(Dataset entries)
::::
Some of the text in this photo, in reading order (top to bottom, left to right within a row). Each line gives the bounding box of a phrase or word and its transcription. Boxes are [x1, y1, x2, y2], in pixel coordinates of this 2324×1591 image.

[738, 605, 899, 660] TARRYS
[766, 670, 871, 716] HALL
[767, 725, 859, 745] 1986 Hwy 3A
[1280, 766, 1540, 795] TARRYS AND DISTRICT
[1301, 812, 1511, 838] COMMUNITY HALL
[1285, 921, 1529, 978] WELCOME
::::
You are asked to transcribe all of the data above exactly.

Some of the text in this photo, in reading order (top to bottom, left to right within a row). Each line gives the bounding box of a phrase or word and its transcription. Boxes are [x1, y1, x2, y2], in pixel coordinates of this 2324×1591 image.

[738, 605, 899, 660] TARRYS
[766, 670, 871, 716] HALL
[767, 725, 859, 745] 1986 Hwy 3A
[1280, 766, 1540, 795] TARRYS AND DISTRICT
[1301, 812, 1511, 838] COMMUNITY HALL
[1285, 921, 1529, 978] WELCOME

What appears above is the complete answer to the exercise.